(EXERCISE INPUTS begins)
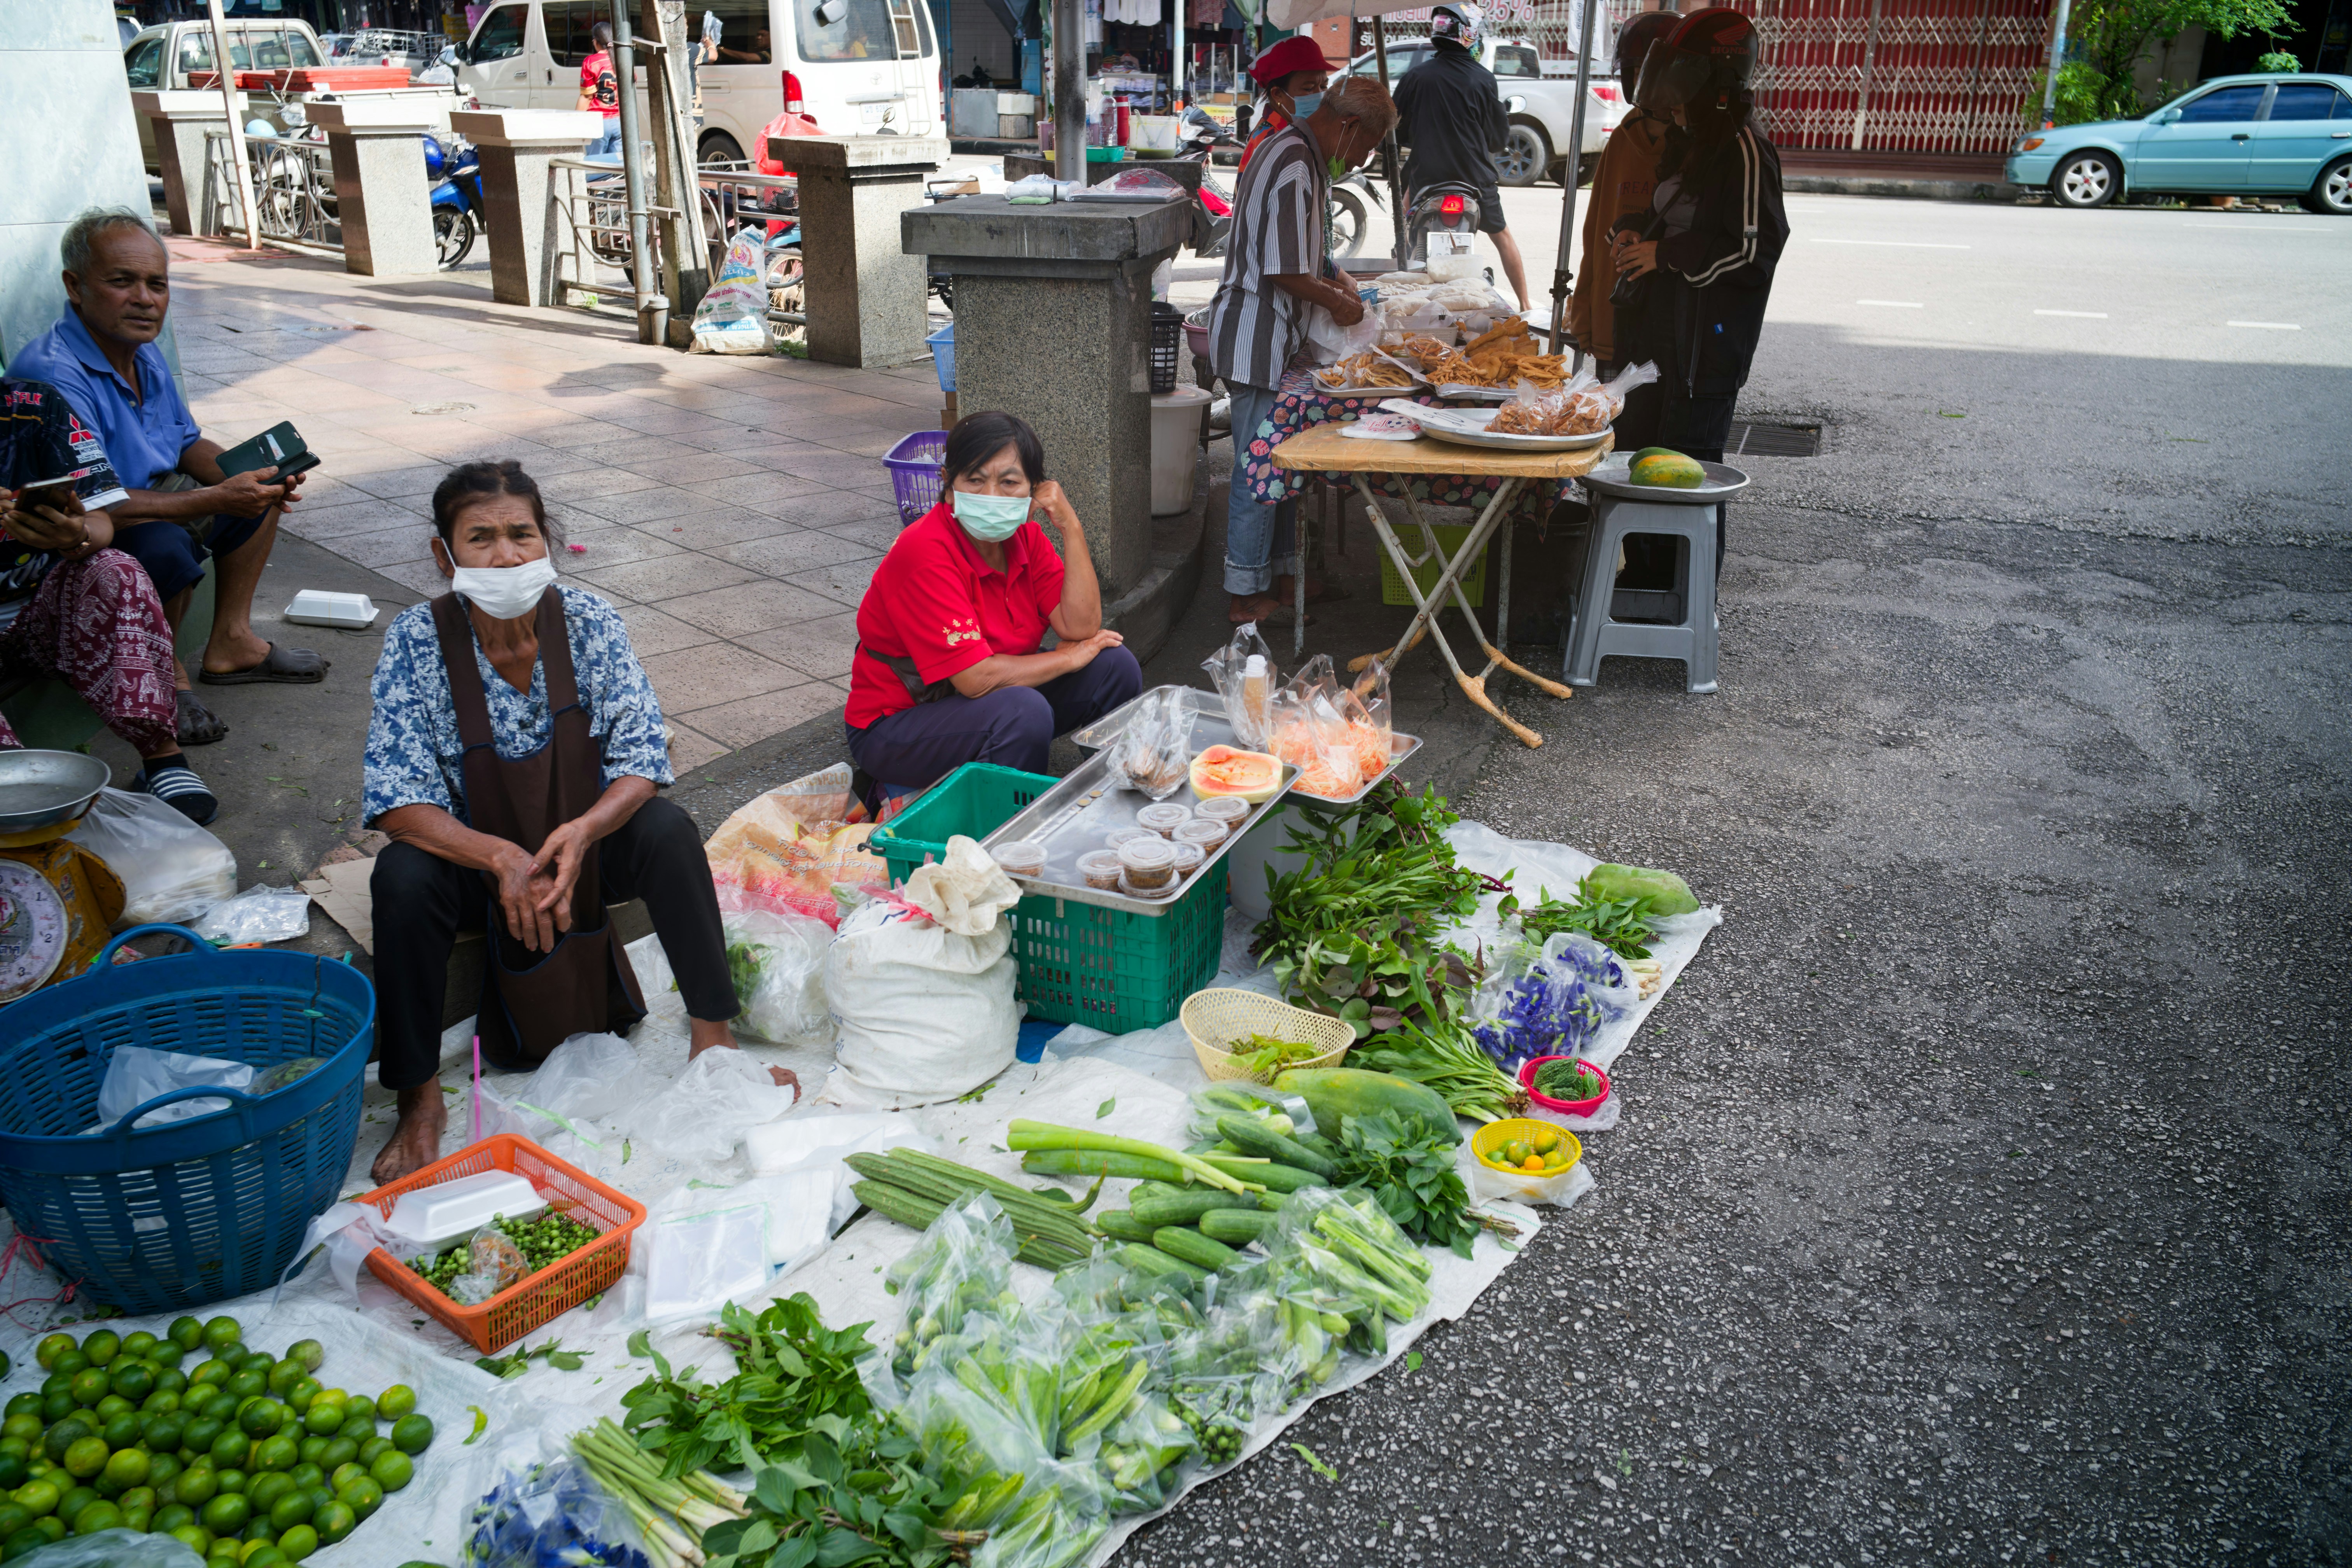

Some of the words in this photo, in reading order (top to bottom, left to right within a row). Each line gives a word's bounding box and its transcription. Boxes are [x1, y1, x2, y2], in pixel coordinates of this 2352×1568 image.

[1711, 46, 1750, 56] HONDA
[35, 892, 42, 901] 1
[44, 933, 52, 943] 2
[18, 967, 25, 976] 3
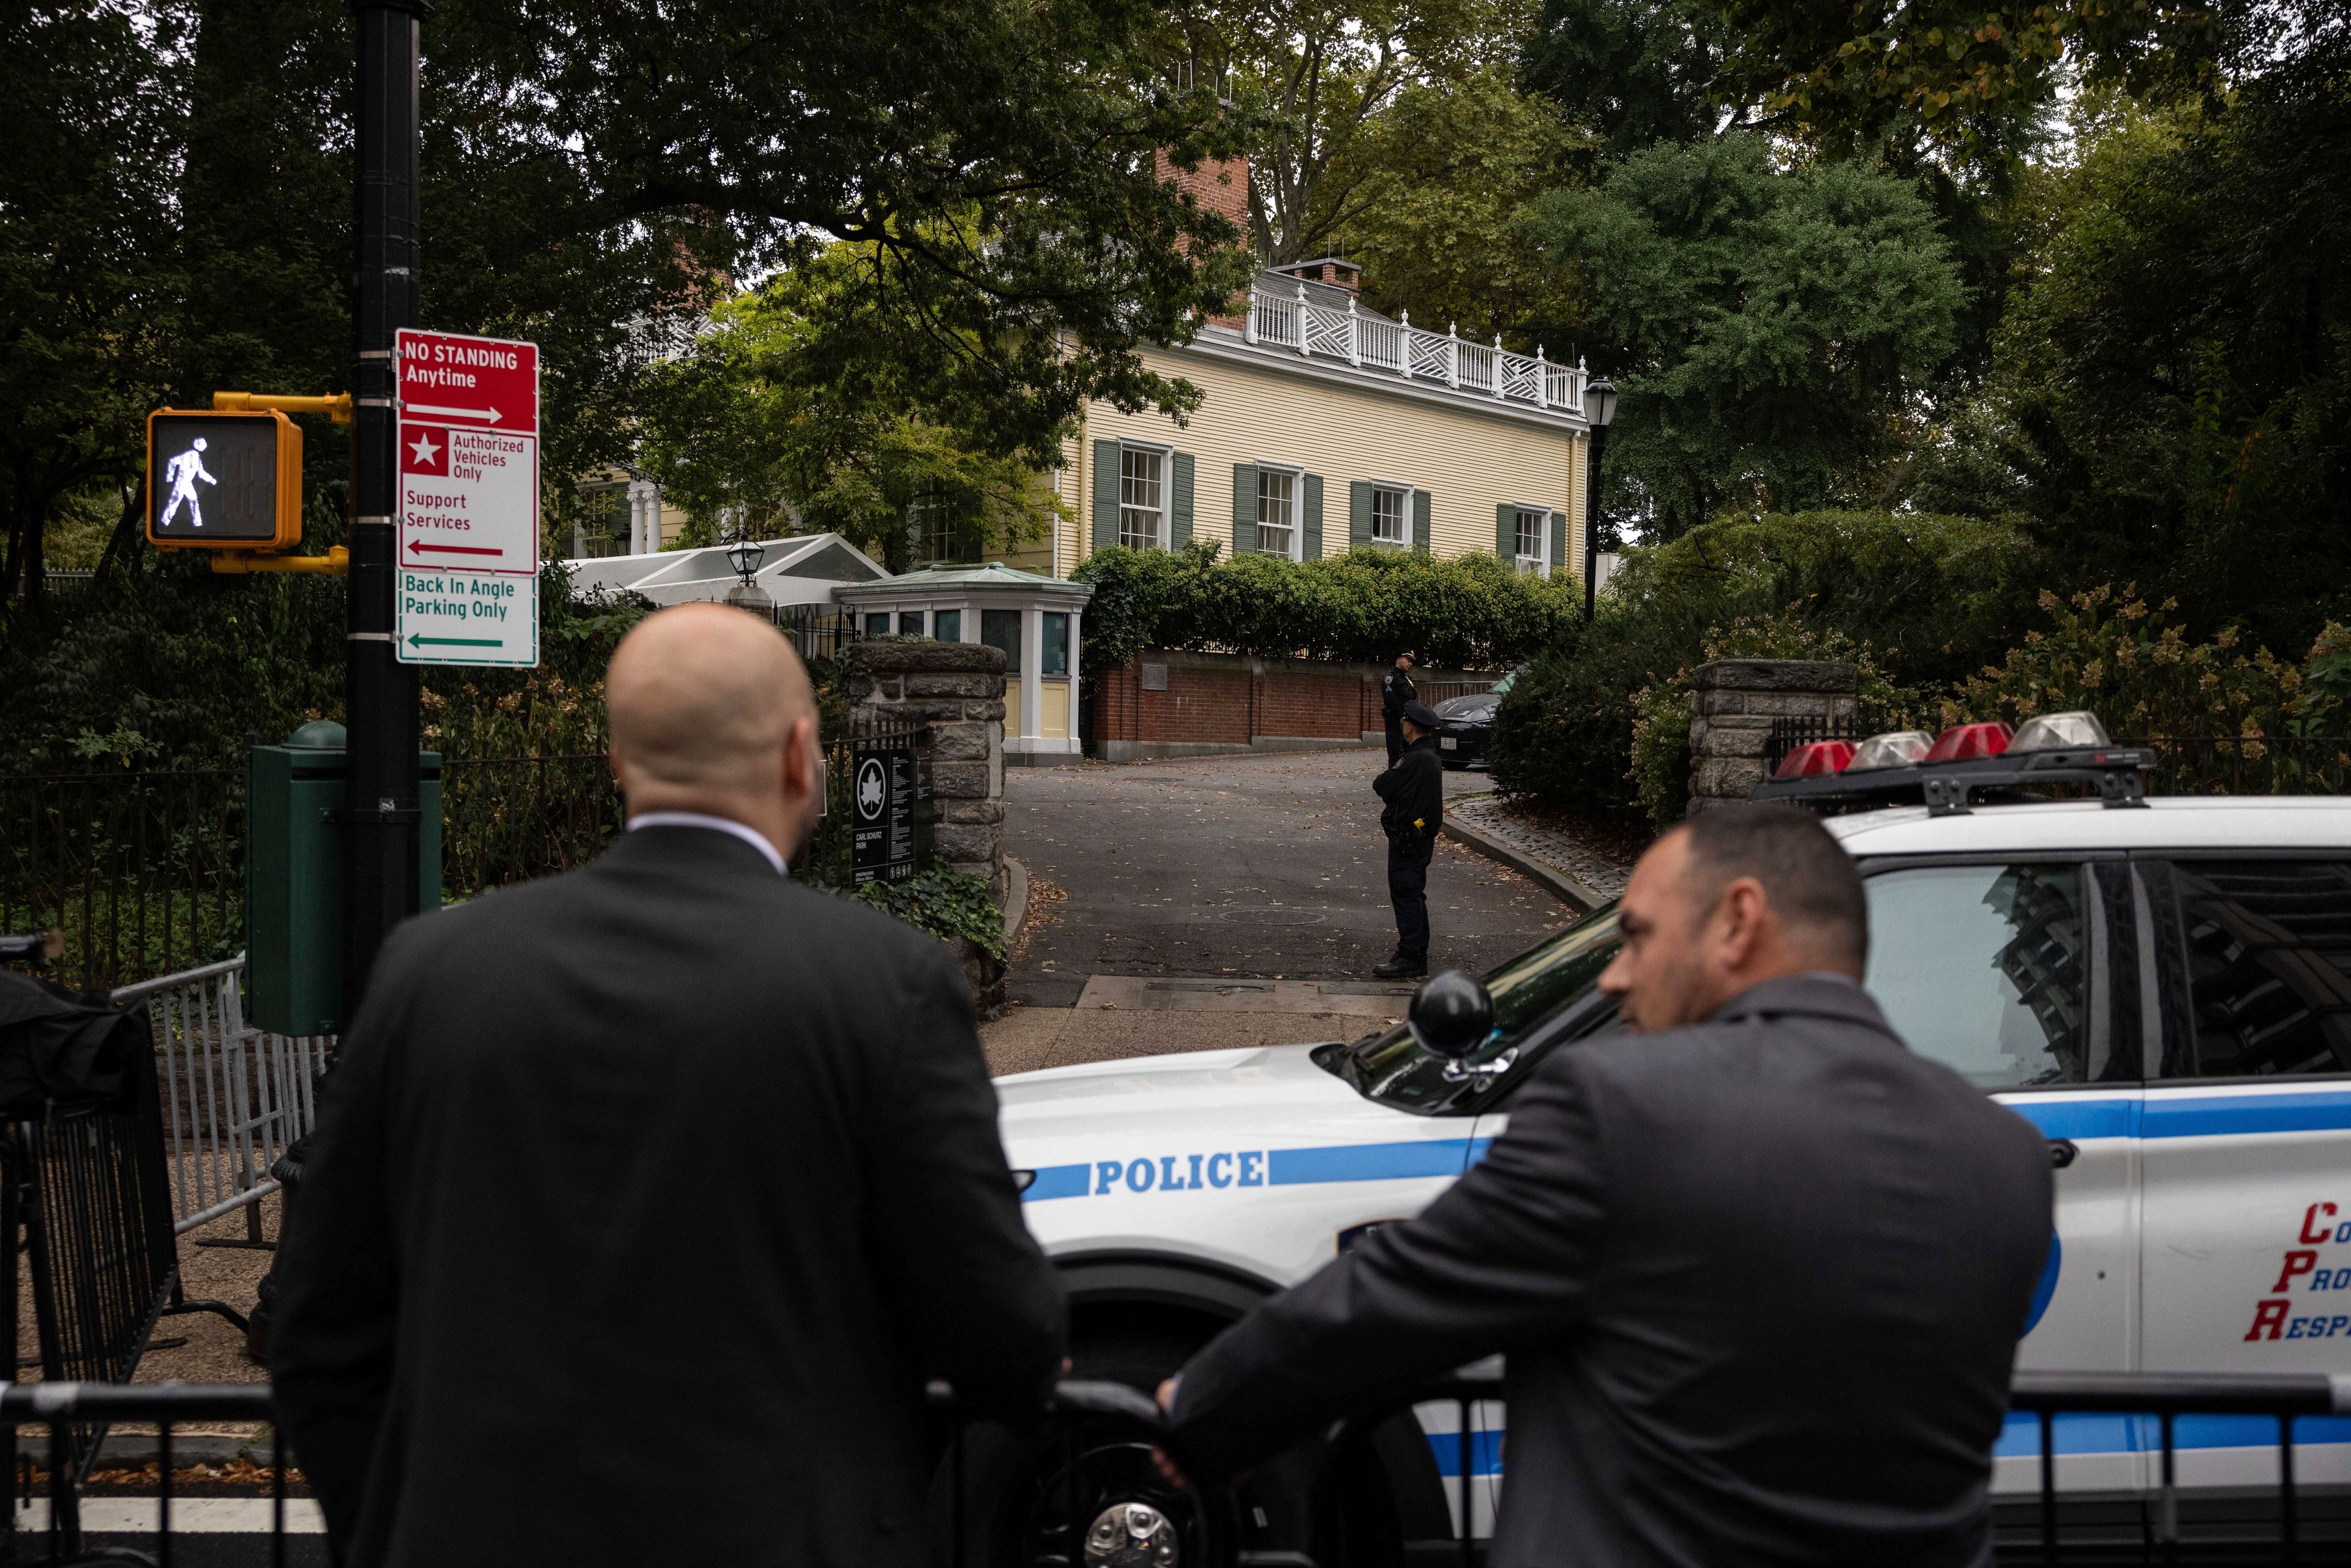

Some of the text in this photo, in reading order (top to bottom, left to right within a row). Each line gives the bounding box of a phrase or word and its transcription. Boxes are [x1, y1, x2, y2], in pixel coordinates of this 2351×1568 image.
(EXERCISE INPUTS ends)
▶ [WORK ORDER]: Every line of the data above should be returned exactly, with the pictures removed.

▶ [SOLUTION TO THE EXERCISE]:
Some of the words in this photo, in reading order (top to bottom, left to right within a row). Each line gives a word's bounding box and its transcription. Boxes are [x1, y1, x2, y2], in pixel coordinates of this 2352×1568 image.

[1711, 46, 1750, 56] HONDA
[35, 892, 42, 901] 1
[44, 933, 52, 943] 2
[18, 967, 25, 976] 3

Some of the text in this photo, in reading order (top to bottom, left to right within a row). Each line gives the bounding box of a phrase or word and its transcription. Boxes are [x1, y1, x2, y2], in pixel coordinates of this 2351×1568 image.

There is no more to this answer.